Scientists worldwide left their labs to take to the streets Saturday along with students and research advocates in pushing back against what they say are mounting attacks on science.

The March for Science, coinciding with Earth Day, was set for more than 500 cities, anchored in Washington and to be joined by dozens of nonpartisan scientific professional societies in a turnout intended to combine political and how-to science demonstrations.

Marchers in Geneva carried signs that said, “Science — A Candle in the Dark” and “Science is the Answer.” In Berlin, several thousand people participated in a march from the one of the city’s universities to the Brandenburg Gate landmark. “We need to make more of our decision based on facts again and less on emotions,” said Meike Weltin, a doctorate student at an environmental institute near the capital.

In London, physicists, astronomers, biologists and celebrities gathered for a march past the city’s most celebrated research institutions. Supporters carried signs showing images of a double helix and chemical symbols.

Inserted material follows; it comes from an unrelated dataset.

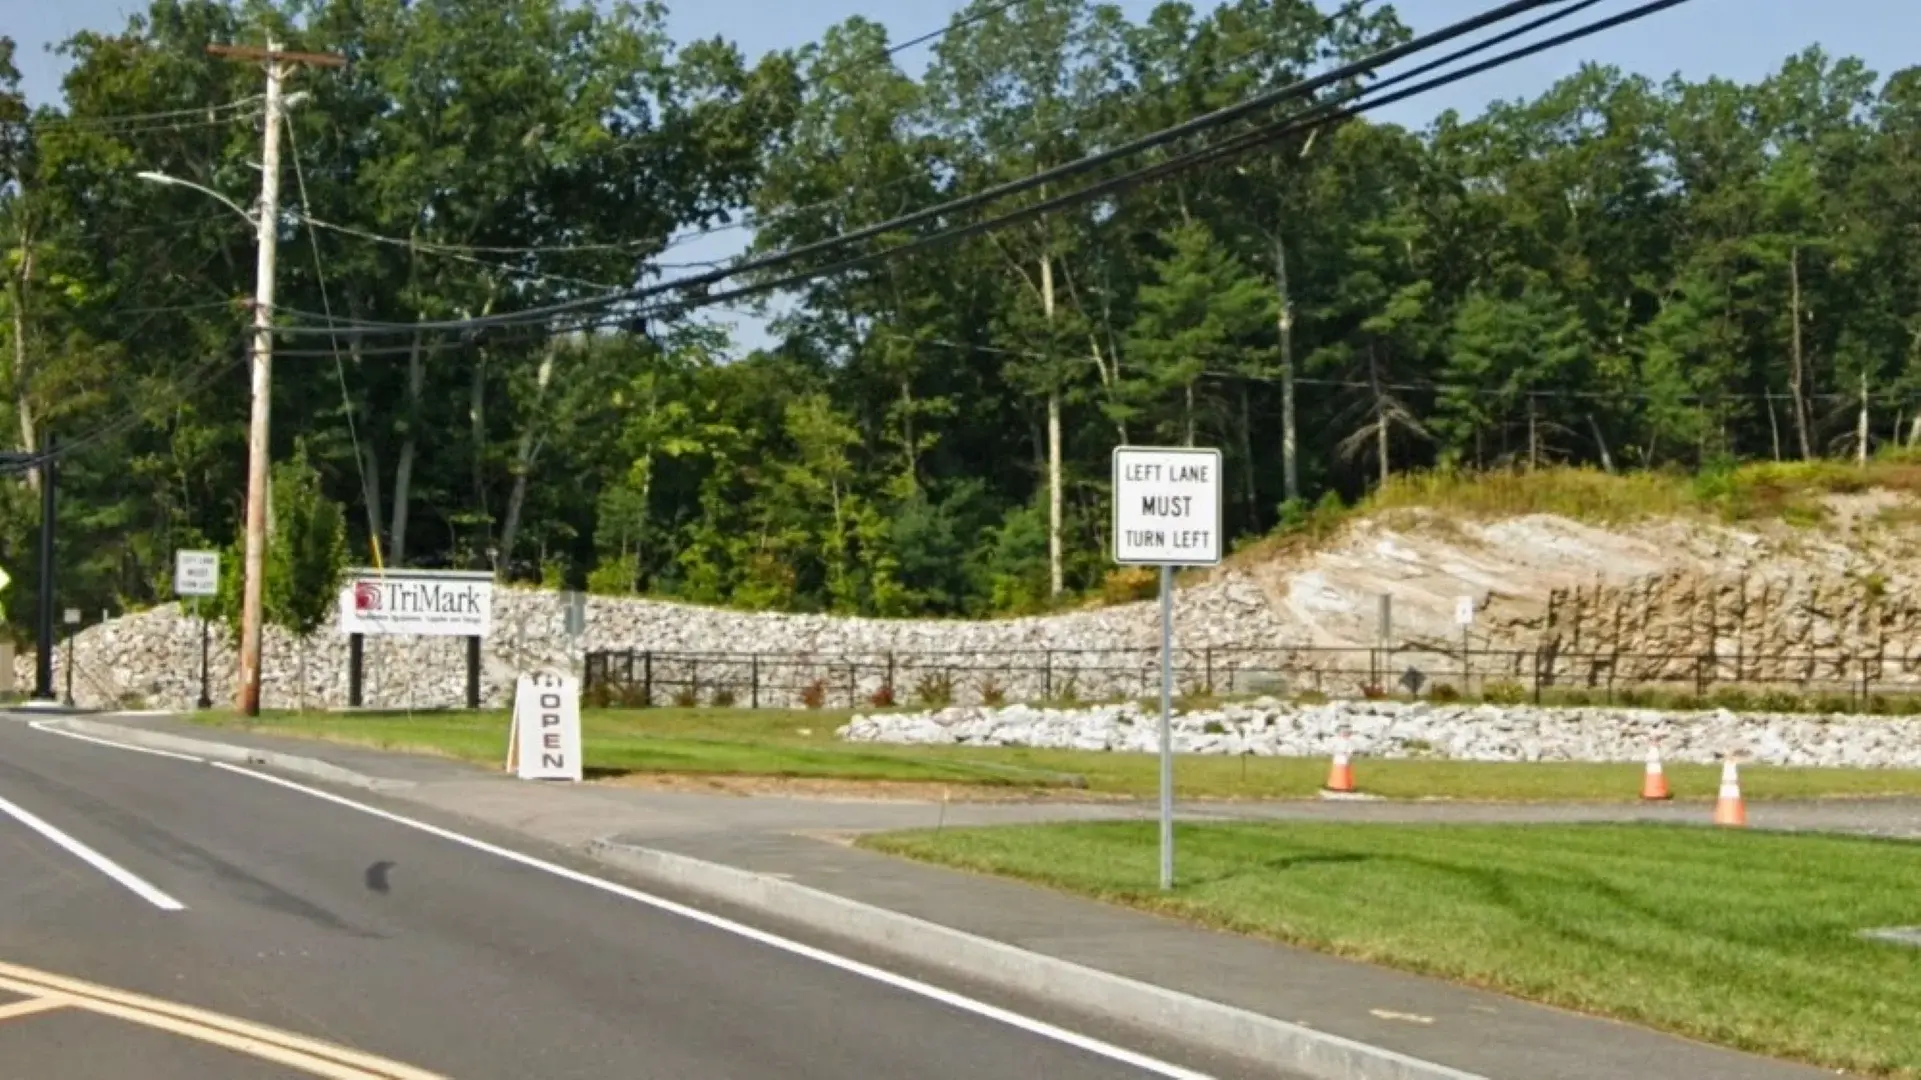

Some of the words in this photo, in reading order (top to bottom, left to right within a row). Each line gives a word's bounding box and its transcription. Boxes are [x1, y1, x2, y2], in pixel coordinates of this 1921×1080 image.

The protest was putting scientists, who generally shy away from advocacy and whose work depends on objective experimentation, into a more public position.

Organizers portrayed the march as political but not partisan, promoting the understanding of science as well as defending it from various attacks, including proposed U.S. government budget cuts under President Donald Trump, such as a 20 percent slice of the National Institute of Health.

Signs and banners readied for the Washington rally reflected anger, humor and obscure scientific references, such as a 7-year-old’s “No Taxation Without Taxonomy.” Taxonomy is the science of classifying animals, plants and other organisms.

The sign that 9-year-old Sam Klimas held was red, handmade and personal: “Science saved my life.” He had a form of brain cancer and has been healthy for eight years now. His mother, grandmother and brother traveled with him from Parkersburg, West Virginia. “I have to do everything I can to oppose the policies of this administration,” said his grandmother, Susan Sharp.

Scientists involved in the march said they were anxious about political and public rejection of established science such as climate change and the safety of vaccine immunizations.

“Scientists find it appalling that evidence has been crowded out by ideological assertions,” said Rush Holt, a former physicist and Democratic congressman who runs the American Association for the Advancement of Science. “It is not just about Donald Trump, but there is also no question that marchers are saying ‘when the shoe fits.”

Judy Twigg, a public health professor at Virginia Commonwealth University, was aiming one of her signs at the president. The sign showed the periodic table of chemical elements and said: “You’re out of your element Donny (Trump).” For Twigg, who was wearing a T-shirt that said “Science is not a liberal conspiracy,” research is a matter of life and death on issues such as polio and child mortality.

Despite saying the march was not partisan, Holt acknowledged it was only dreamed up at the Women’s March on Washington, a day after Trump’s inauguration on Jan. 20.

“It’s not about the current administration. The truth is we should have been marching for science 30 years ago, 20 years, 10 years ago,” said co-organizer and public health researcher Caroline Weinberg. “The current (political) situation took us from kind of ignoring science to blatantly attacking it. And that seems to be galvanizing people in a way it never has before. … It’s just sort of relentless attacks on science.”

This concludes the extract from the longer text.